Abbildung in dieser Leseprobe nicht enthalten

The time reductions only include the obligatory three-track north extension of the Gäubahn and the south extension of the Rheintalbahn. The Gäubahn extension reduces the journey time by 2 minutes, the Rheintalbahn extension by 6 minutes. With 2h5' the journey time between Basel and Stuttgart would be reduced by 18 minutes.

3.3.2. Shift potential

In contrast to the Rheintalbahn and the Gäubahn, where it was easy to derive the modal shift potential, no data on the Basel-(Freiburg-)Stuttgart planning corridor can be presented from empirical data. The modal shift potential also depends on the timing of the implementation of the expansion measures of the Gäubahn and the Rheintalbahn. The shift potential in SPFV would be low on this route between Basel and Stuttgart, provided that the Rhine Valley Railway is fully upgraded. The Black Forest alignment would then no longer represent a time advantage for long-distance traffic, as it would be eight minutes slower. Freudenstadt could achieve the greatest shift potential from car to rail in SPFV, although it must be made clear that due to the small number of inhabitants, the profitability in SPFV would be questionable.

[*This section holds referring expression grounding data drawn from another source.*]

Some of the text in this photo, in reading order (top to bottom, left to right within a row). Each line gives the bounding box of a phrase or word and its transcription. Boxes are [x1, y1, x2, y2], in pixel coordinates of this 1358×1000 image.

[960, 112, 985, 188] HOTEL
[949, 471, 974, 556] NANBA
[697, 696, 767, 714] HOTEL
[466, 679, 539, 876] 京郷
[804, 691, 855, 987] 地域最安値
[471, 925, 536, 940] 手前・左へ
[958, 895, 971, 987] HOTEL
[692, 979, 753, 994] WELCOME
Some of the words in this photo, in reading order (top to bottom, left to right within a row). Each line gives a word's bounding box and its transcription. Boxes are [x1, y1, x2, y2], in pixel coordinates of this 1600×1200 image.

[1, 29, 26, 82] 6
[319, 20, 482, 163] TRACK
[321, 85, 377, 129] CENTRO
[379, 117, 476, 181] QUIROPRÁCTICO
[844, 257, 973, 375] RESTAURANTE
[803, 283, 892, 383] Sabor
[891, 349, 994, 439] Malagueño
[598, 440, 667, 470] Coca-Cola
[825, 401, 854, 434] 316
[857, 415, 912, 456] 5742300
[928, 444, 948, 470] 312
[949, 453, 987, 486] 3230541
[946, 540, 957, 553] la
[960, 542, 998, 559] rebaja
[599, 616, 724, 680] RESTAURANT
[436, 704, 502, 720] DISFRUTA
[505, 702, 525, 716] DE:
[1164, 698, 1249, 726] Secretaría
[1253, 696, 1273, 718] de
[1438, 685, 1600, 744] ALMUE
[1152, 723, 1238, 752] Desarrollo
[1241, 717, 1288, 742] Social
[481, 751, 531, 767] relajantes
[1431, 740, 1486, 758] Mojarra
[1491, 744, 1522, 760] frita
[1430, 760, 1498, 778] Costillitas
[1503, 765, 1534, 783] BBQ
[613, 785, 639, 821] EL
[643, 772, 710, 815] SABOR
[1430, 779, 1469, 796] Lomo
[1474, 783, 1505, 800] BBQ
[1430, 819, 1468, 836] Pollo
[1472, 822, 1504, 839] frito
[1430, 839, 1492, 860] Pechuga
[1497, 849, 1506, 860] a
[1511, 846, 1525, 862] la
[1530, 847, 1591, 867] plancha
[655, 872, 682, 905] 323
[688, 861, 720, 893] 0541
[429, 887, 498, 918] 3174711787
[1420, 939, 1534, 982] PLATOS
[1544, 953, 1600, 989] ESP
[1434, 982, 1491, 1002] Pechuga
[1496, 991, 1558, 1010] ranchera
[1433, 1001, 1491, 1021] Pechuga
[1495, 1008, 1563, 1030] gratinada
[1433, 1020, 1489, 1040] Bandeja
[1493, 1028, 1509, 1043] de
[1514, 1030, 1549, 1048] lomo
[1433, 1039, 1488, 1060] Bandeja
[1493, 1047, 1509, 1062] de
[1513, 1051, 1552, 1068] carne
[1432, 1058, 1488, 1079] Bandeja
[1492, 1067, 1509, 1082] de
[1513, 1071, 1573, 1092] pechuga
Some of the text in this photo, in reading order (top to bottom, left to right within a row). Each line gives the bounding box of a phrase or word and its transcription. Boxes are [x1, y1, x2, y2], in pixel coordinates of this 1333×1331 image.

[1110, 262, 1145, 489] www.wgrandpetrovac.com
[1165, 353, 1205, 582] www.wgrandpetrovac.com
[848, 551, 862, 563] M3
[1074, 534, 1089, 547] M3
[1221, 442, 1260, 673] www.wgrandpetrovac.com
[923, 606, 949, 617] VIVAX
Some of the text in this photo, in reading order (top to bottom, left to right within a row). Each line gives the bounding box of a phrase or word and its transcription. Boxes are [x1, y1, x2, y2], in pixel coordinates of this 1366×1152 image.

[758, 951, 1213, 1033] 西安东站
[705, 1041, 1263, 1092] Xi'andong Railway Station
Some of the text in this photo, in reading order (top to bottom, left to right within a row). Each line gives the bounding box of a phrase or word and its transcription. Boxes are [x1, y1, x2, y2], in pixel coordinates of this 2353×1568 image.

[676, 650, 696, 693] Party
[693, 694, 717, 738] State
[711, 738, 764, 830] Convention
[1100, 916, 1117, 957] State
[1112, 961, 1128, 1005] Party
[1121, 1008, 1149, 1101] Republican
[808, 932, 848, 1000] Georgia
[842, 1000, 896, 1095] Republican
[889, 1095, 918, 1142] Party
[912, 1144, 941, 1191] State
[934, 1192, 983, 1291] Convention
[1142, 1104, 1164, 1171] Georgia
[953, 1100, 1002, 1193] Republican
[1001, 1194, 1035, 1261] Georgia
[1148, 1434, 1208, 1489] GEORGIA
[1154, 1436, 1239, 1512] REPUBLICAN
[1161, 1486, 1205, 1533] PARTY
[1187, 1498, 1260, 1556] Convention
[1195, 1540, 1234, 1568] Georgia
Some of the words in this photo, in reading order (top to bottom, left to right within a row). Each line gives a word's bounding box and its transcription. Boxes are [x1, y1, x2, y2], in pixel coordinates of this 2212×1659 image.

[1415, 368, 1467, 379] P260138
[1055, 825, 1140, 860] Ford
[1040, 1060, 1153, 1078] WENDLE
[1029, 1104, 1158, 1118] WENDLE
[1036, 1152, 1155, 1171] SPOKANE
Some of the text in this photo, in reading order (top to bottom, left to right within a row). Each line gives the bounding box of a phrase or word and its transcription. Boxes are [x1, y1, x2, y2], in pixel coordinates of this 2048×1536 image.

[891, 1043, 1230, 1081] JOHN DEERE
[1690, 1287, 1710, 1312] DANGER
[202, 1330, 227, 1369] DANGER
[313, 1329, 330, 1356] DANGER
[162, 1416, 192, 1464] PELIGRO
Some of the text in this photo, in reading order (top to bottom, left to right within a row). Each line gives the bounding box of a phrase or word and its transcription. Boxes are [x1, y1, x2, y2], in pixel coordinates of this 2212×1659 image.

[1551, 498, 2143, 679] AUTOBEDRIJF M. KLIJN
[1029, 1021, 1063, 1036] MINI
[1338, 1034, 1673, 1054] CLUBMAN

However, if one were to consider the shift potential especially with regard to SPNV, it can be assumed that the relation will improve the inland infrastructure in the Black Forest, the temporal advantages of which could extend to Tübingen: The regional potential of the university locations Freiburg, Tübingen, Basel, Stuttgart and the recently established small one in Freudenstadt could be tapped and thus also be linked more strongly economically. Linkages between the pharmaceutical industry locations of Tübingen, Freiburg and Basel should be taken up, in which an improved logistical interconnection can be achieved via an SGV service and the connection of current places of residence of employees, trainees and students can be strengthened across sectors. It can also be said that in the long term, businesses in the area can be strengthened and these investments also bring advantages for the city from a climate and social policy perspective: they reduce rental pressure and can prevent land consumption and greenfield construction. With its long railway tunnel, the gap closure Elzach-Hausach does not appear to be a classic local transport project, but as a new German-Swiss connection it would offer considerable shift potential, including structural strengthening for the Black Forest. From a political-economic perspective, this railway 17 corridor for the connected cities would make the railway superior to the car not only in terms of climate policy, but also in terms of time and individual economy, and would then also put an end to the debates about new motorways.

3.3.3. Benefit-cost ratio

No benefit-cost ratio can be calculated for the gap closure, as neither traffic data between Stuttgart-Basel, Tübingen-Freiburg and Freudenstadt-(Freiburg-) Basel can be accessed, nor can the costs of the infrastructure measures be estimated.

4. Discussion

It can be determined on the basis of the different calculations that different prioritisations could be made for the development of Switzerland and Baden-Württemberg. It must also be taken into account that the feasibility of the projects admittedly have a different time horizon if individual sections have already been examined by the BMVI and Deutsche Bahn. However, it should be borne in mind that all infrastructure projects will have an impact on each other if they are implemented. The aim of this elaboration was to assess which projects would have considerable potential to accelerate the routes on the one hand and to maximise the modal shift potential for the connection between Germany and Switzerland on the other hand. Basically, it is noticeable that for the SPFV, the expansion possibilities on the Rhine valley railway are the most advanced in terms of planning and offer great time advantages for the rail infrastructure. It can be assumed that the Baden route connection of the Rhine valley railway has clear advantages for the SPFV and will also improve the SPNV beyond that via a future improved frequency compression.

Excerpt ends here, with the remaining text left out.